J.T : A plusieurs reprises dans le passé, la Cour suprême est intervenue dans des affaires hautement politiques impliquant le vote de la Knesset, et pour lesquelles elle a pointé des aspects illégaux ou non constitutionnels de telles ou telles décisions du Parlement. C’est alors revenu dans les mains du législateur qui a effectué les modifications dans les textes puis les a revotés. C’est une manière de respecter l’arrêt de la Cour, sans pour autant laisser tomber la décision. Ce type d’aller/retour est tout à fait possible avec cette nouvelle loi. Mais il est aussi envisageable que la Cour se déclare incompétente. Sa première démarche n’est d’ailleurs pas d’étudier le fond de la requête mais sa recevabilité pour décider de s’y mêler ou non.

Cette loi est-elle une entrave à la paix, comme l’a déclaré l’Organisation de libération de la Palestine ?

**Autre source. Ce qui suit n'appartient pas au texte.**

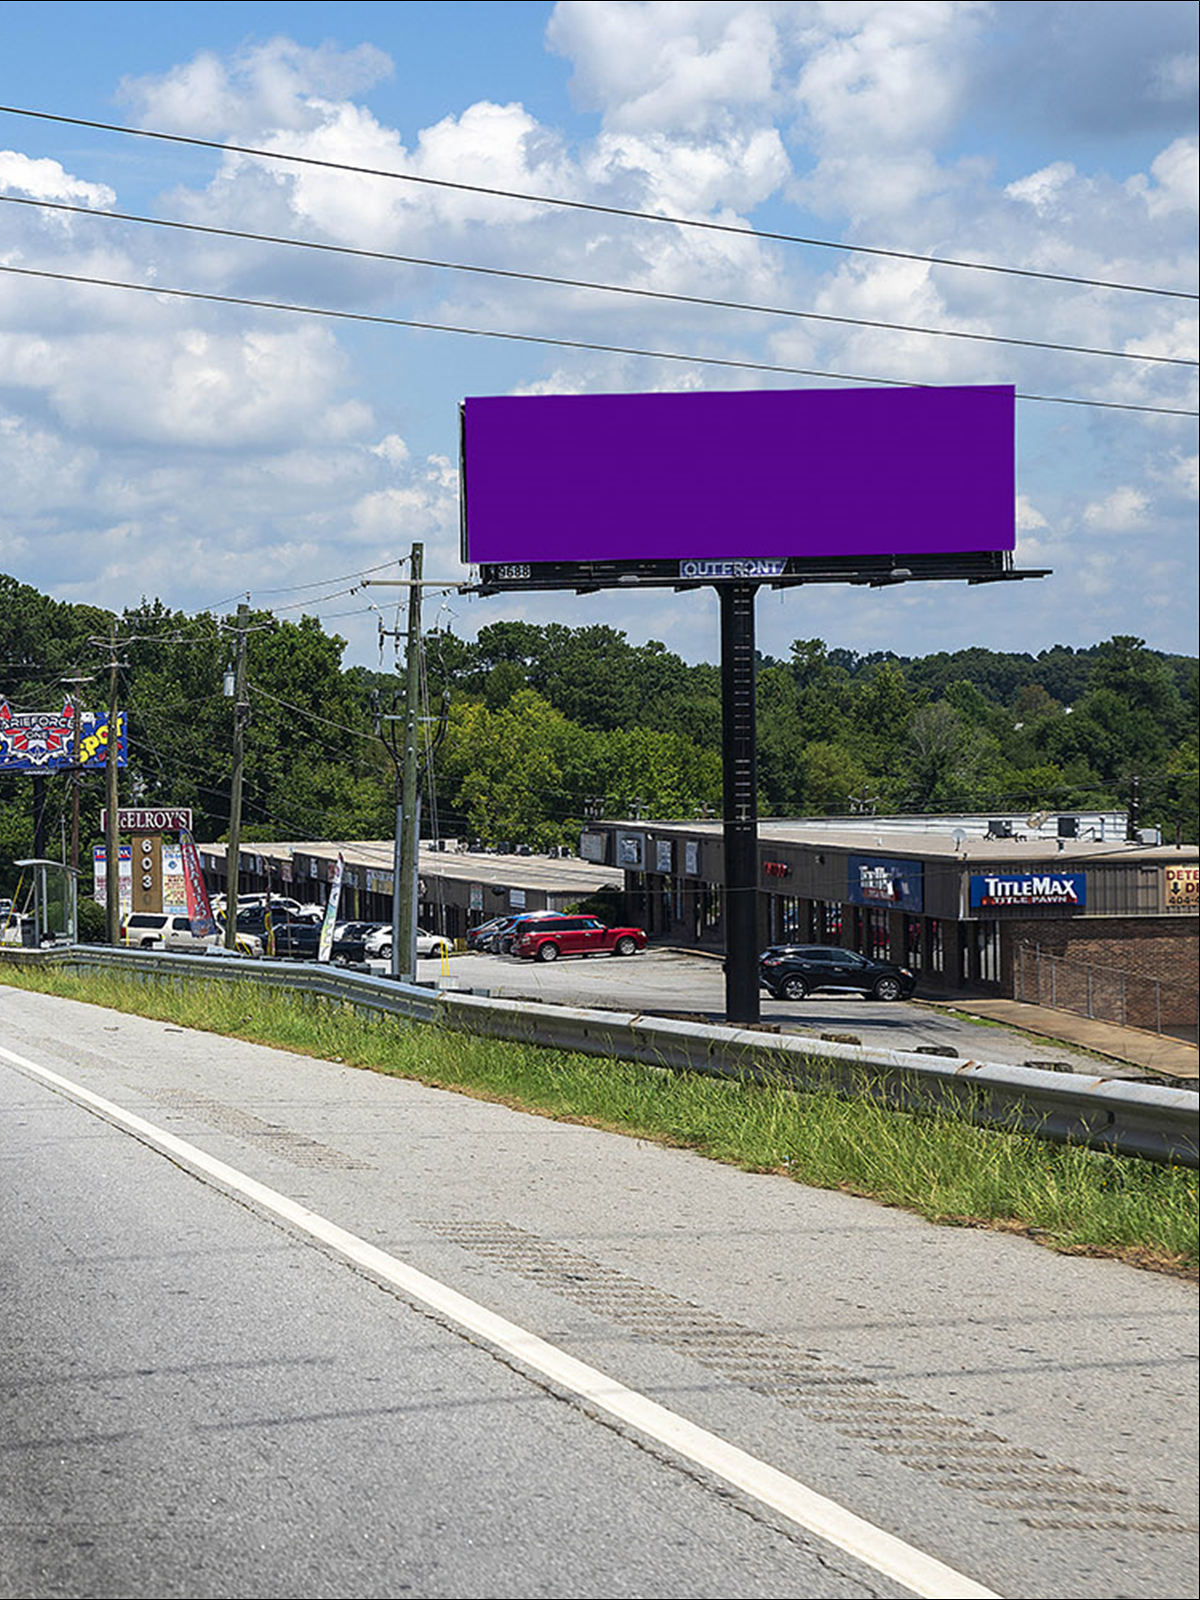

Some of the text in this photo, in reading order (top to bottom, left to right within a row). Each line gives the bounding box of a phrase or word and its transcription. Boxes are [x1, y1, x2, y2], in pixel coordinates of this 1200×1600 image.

J.T : Il est clair que cette nouvelle loi est vécue comme une provocation majeure de la part des victimes principales, à savoir la population palestinienne. Alors qu’elle est considérée comme un pas en avant pour la droite israélienne, qui estime que les juifs ont le droit de construire sur les territoires où vivent les Palestiniens. Comme un territoire national où ils exerceront peut-être un jour une souveraineté dans le cadre d’un Etat palestinien. 

Par ailleurs, on trouve des théories au sein de la droite israélienne selon lesquelles le chemin parcouru pour se rapprocher de la paix depuis des décennies, sinon un siècle, basé sur une tentative de respecter les uns et les autres a échoué, et n’a donné qu’une succession de guerres et d’intifada de toutes parts.

Finalement, au sein de cette droite, on soutient une formule plus musclée : les faits accomplis sur le terrain créeront une réalité sur laquelle s’aligneront les Palestiniens. Cette dialectique est, certes, particulière mais elle existe au sein de la société politique israélienne. Même si je ne crois pas qu’elle bénéficie d’une majorité en Israël et que les électeurs juifs ne voteront pas en ce sens. 

L’arrivée de Donald Trump à la tête des Etats-Unis change-t-elle la donne dans le conflit israélo-palestinien sur l’échiquier international ?

J.T : D’abord, la loi ne serait certainement pas passée sans Trump au pouvoir. Cette proposition de loi circule dans les couloirs du Parlement et les antichambres du gouvernement depuis longtemps. Mine de rien, elle a été votée seulement dix jours après l’arrivée de Trump. 

La semaine prochaine, Benjamin Netanyahu se rendra à Washington. Il faut savoir qu’il n’a pas participé au vote de la Knesset, la majorité ayant été obtenue sans sa voix. L’astuce ? Pouvoir dire au président américain qu’il était lui-même partagé par l’utilité de cette loi contre laquelle Netanyahu a résisté. D’ailleurs, il est considéré dans le monde comme un dirigeant de droite, ce qu’il est. Mais au sein de la droite israélienne, il est placé à la gauche, voire à la gauche extrême de la droite. D’autre part, c’est aussi une manière pour lui d’illustrer qu’il est soumis à une pression importante de sa droite, pour que Trump la prenne en compte dans leur relation à venir.  

Enfin, il faut ajouter que le président américain s’est exprimé à plusieurs reprises sur le conflit israélo-palestinien en se déclarant grandement plus favorable aux positions israéliennes de Netanyahu. Un changement par rapport aux positions de l’administration Obama.